3. M/s Sasi Enterprises, the firm, did not file any returns for the
assessment year 1991-92 and 1992-93, for which the firm and its
partners are being prosecuted under Section 276 CC of the Act. J.
Jayalalitha and N. Sasikala did not file returns for the assessment
year 1993-94 and hence they are being prosecuted for that breach (in
their individual capacity) separately but not for the assessment years
1991-92 or 1992-93 and their returns have been filed as individual
assessee by them for the assessment years 1991-92 and 1992-93, though
belatedly on 20.11.1994 and 23.02.1994 respectively.

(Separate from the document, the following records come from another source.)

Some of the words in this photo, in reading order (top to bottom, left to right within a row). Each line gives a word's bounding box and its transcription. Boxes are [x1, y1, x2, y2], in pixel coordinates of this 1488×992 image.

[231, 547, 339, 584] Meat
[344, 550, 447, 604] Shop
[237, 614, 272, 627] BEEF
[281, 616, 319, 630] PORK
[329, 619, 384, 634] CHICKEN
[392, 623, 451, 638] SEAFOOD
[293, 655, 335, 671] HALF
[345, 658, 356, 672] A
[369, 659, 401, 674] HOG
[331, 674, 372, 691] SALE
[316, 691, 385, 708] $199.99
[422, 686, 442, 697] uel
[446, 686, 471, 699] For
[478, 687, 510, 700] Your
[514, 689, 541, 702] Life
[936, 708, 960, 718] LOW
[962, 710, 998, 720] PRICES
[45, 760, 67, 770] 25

In those returns
it was mentioned that accounts of the firm had not been finalized and
no returns of the firm had been filed.
4. The Assistant Commissioner of Income Tax in his complaint stated
that the firm through its partners ought to have filed its returns
under Section 139(1) of the Act for the assessment year 1991-92 on or
before 31st August, 1991 and for the assessment year 1992-93 on or
before 31st August, 1992 and A-2 in her individual capacity also
should have filed her return for the year 1993-94 under Section 139(1)
on or before 31.08.1993 and A-3 also ought to have filed her return
for the assessment year 1993-94 on or before 31st August, 1993, as per
Section 139(1) of the Act. The accused persons, it was pointed out,
did not bother to file the returns even before the end of the
respective assessment years, nor had they filed any return at the
outer statutory limit prescribed under Section 139(4) of the Act i.e.
at the end of March of the assessment year. It was also pointed out
that a survey was conducted in respect of the firm under Section 133A
on 25.08.1992 and following that a notice under Section 148 was served
on the partnership firm on 15.2.1994 to file the return of income tax
for the years in question. Though notice was served on 16.2.1994, no
return was filed within the time granted in the notice. Neither
return was filed, nor particulars of the income were furnished. For
the assessment year 1991-92, it was stated that pre-assessment notice
was served on 18.12.1995, notice under Section 142(1)(ii) giving
opportunities was also issued on 20.07.1995. The department made the
best judgment assessment for the assessment year 1991-92 under Section
144 on a total income of Rs.5,84,860/- on 08.02.1996 and tax was
determined as Rs.3,02,434/- and demand notice for Rs.9,95,388/- was
issued as tax and interest payable on 08.02.1996.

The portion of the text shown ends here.